例えば、流行ハヤリの意識の研究をするにあたっては心理学(反心理学主義者ファインマンですら自著で限定的に認めてます)の知識が必要になるし、精神分析の勉強も必要でしょう。シェックマンもCNS三大誌のこと商業主義っていって批判(http://retractionwatch.com/2013/12/11/cell-nature-science-boycott-what-was-randy-schekmans-tenure-at-pnas-like/)してるし、「もう投稿しない」とまでいっている。批判されるべきはむしろ理系のデータ解析のほうでしょう。私も医学部の教授と話したことあるけど、問題はそう単純ではない。もし単純であれば、優秀な研究者があれほど悩むこともないです。BMI(https://en.wikipedia.org/wiki/Brain%E2%80%93computer_interface)とかDBS(https://en.wikipedia.org/wiki/Deep_brain_stimulation)とか知らないんですかね?池田先生は。立花先生は教養学部のあり方についてしっかり持論お持ちですし、私も教授にDBSには反対派多いとのことで一蹴されたことありました。

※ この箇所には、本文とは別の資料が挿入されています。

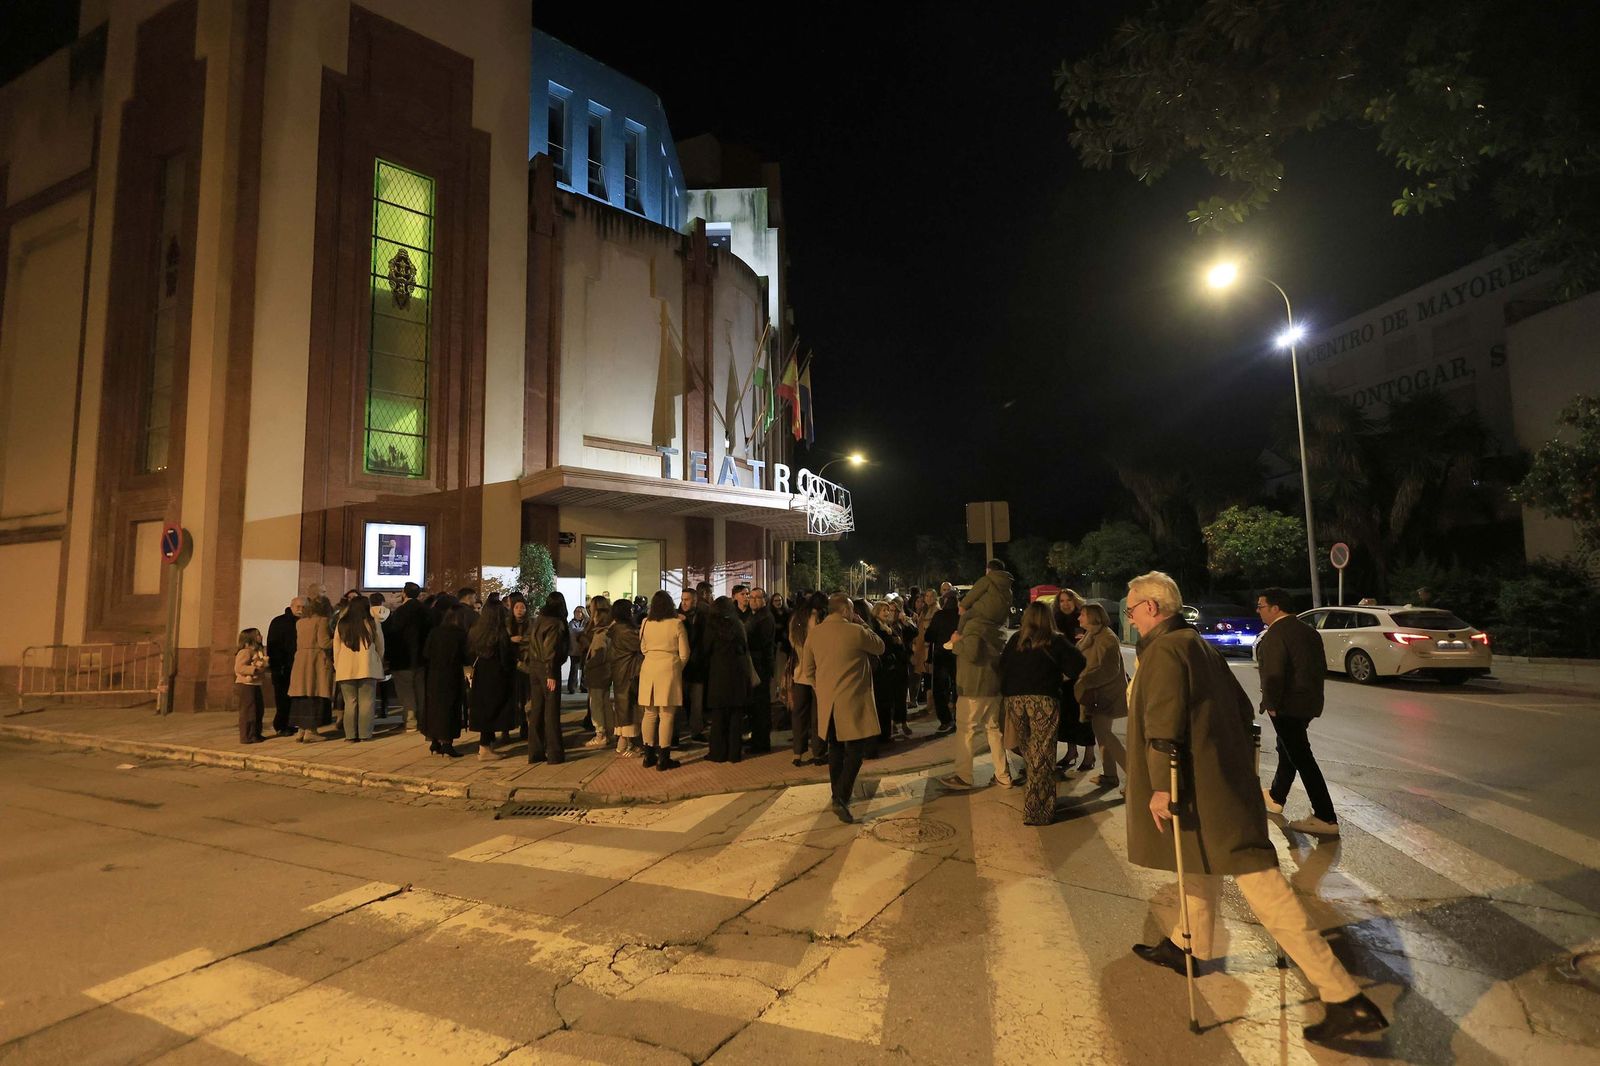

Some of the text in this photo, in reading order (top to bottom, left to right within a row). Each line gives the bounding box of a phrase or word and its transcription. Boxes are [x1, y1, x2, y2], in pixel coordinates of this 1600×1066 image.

[1306, 323, 1374, 366] CENTRO
[1382, 309, 1408, 336] DE
[656, 446, 813, 498] TEATRO
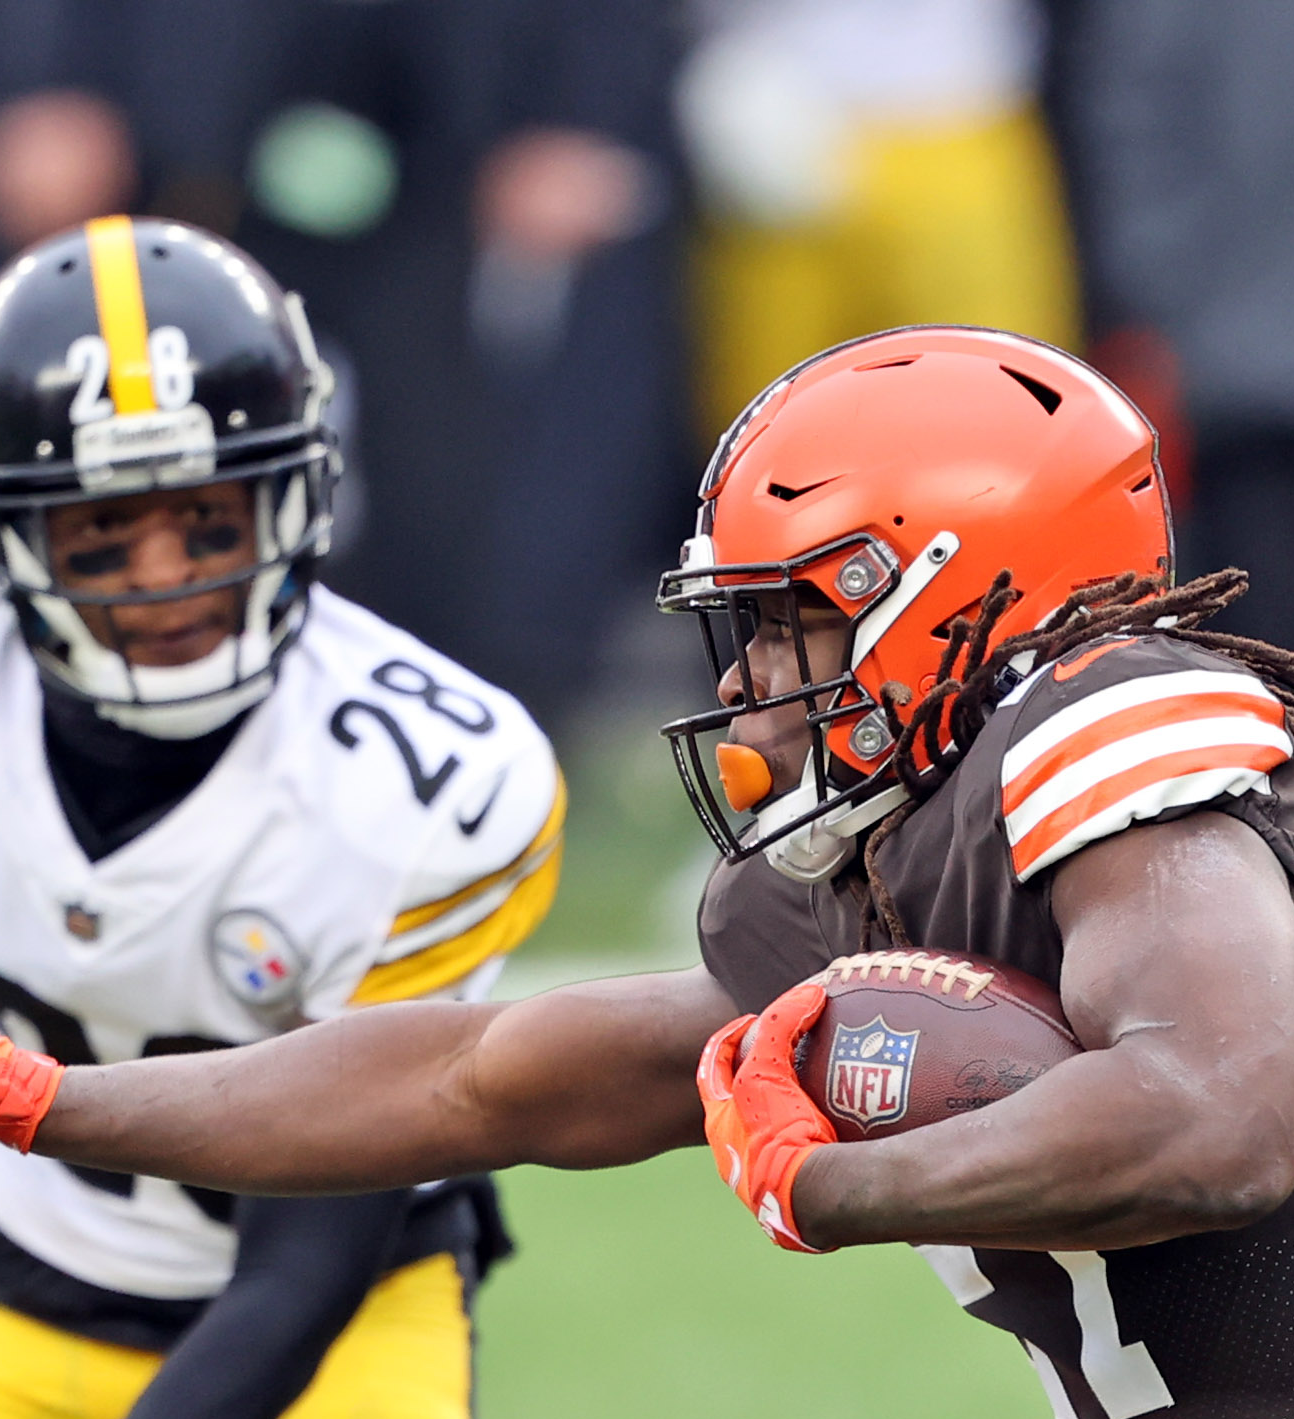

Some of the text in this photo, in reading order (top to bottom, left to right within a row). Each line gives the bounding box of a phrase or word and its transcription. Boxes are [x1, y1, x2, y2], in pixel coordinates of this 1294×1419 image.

[65, 325, 195, 426] 28
[331, 659, 495, 808] 28
[835, 1064, 898, 1117] NFL
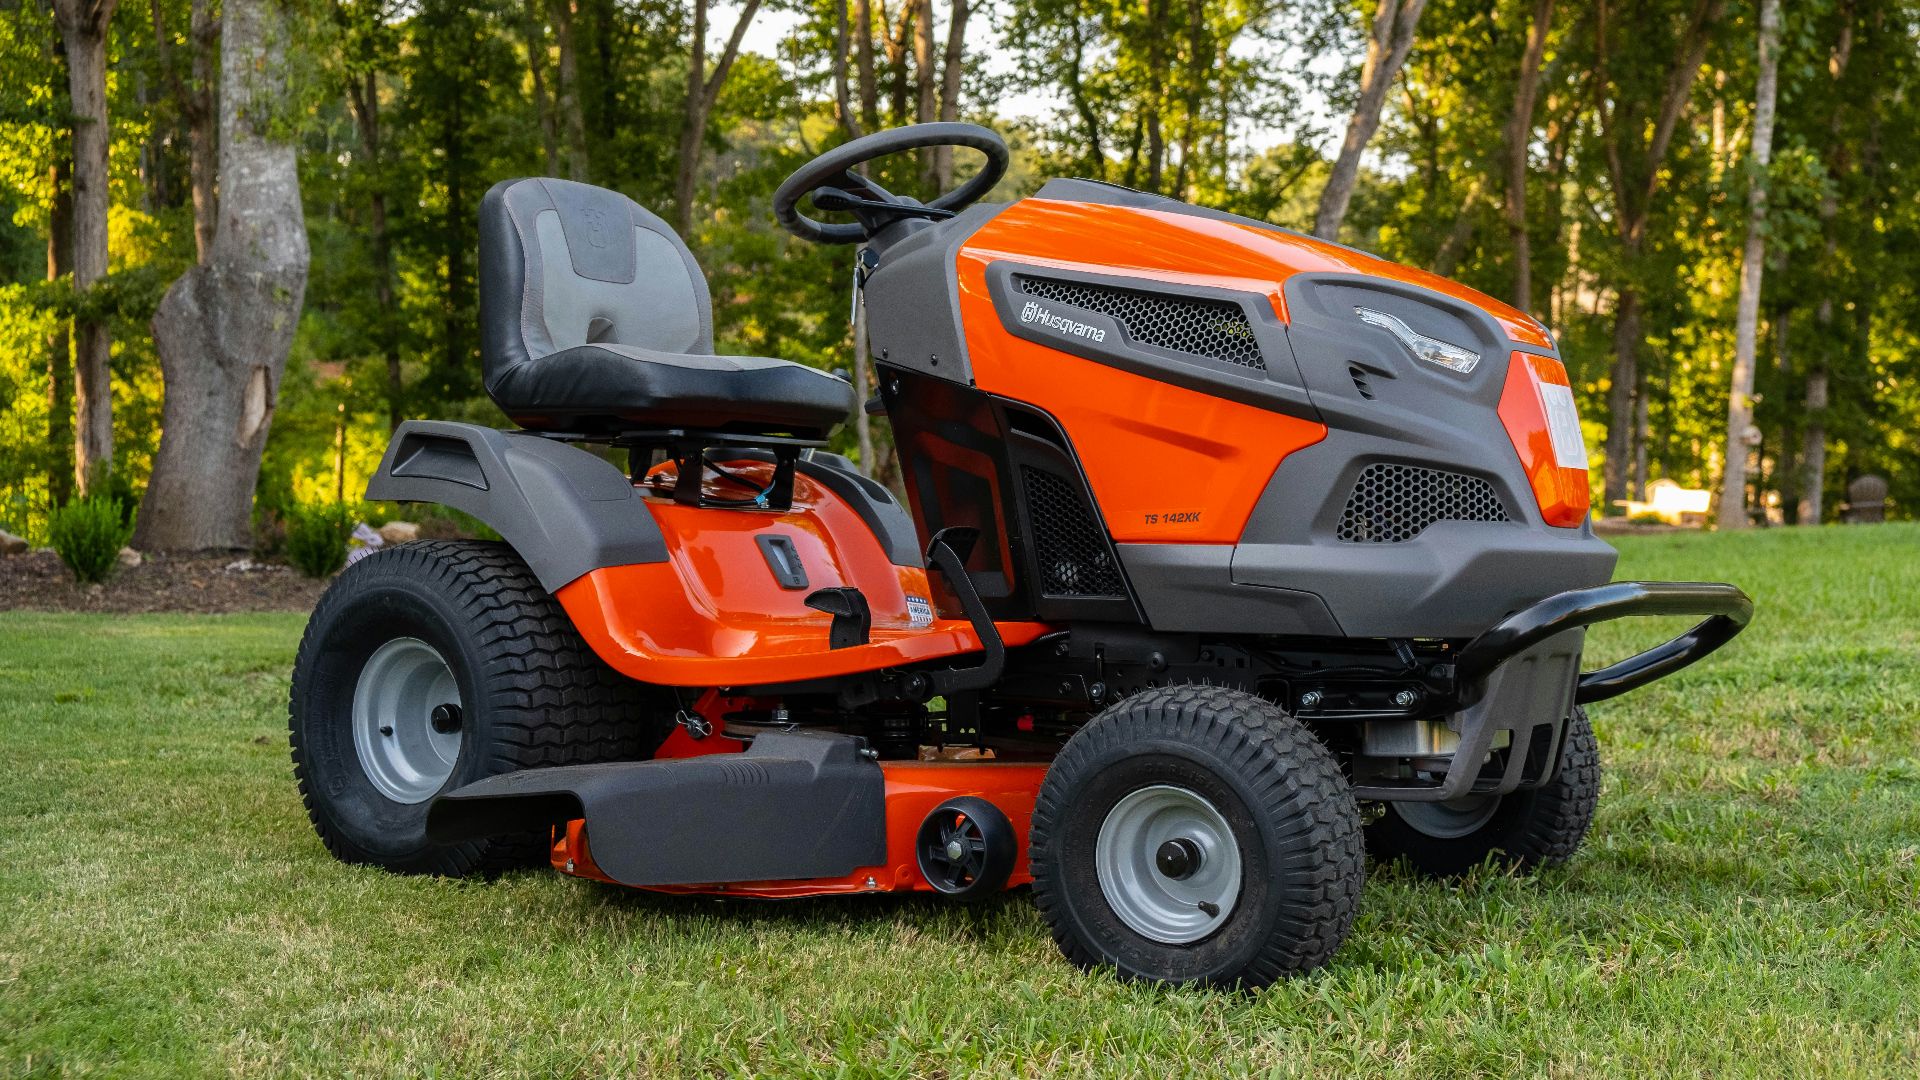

統計学についてはp値について過信しすぎる傾向は批判されてきてる(http://y-mattu.hatenablog.com/entry/2016/03/09/034248)し、これが統計の仕掛ける罠なんですよ。医学論文の6割は再現性なしっていうデータ批判もある(https://www.amazon.co.jp/Signal-Noise-Many-Predictions-Fail-but/dp/0143125087)。東大のデータ解析のご都合主義も理系出身の方(http://gendai.ismedia.jp/articles/-/49764)でしょ?なぜ池田先生のような偉大なジェネラリストがこういった固定観念に縛られているのかよくわからん。池田先生のようなジェネラリストが上司とか上長にいたら尊敬されますよ。その分自分の間違いも認めるべきだと思いますよ。現に哲学においてクラインの壷モデルの批判を勘違いとされて山形先生は間違いを認め謝罪(http://www.math.tohoku.ac.jp/~kuroki/keijiban/e0015.html)しています。

研究者は著述も含めて学徒なのだから、なぜ、自分の間違いを認めないのか私はまったくわかりません。自分の間違いや非を認めるのも重要なことでしょう。このご時勢だれもがマクロな情報媒体にアクセスできて、その反面フェイクメディアも十分ある。勘違いは誰にでもあるので、間違っていることは間違いと認め反省しましょうよ。それが未来の学問のありかたにつながることになるんだから。私は自分勝手な性格ですが池田先生のこと今でも尊敬してます。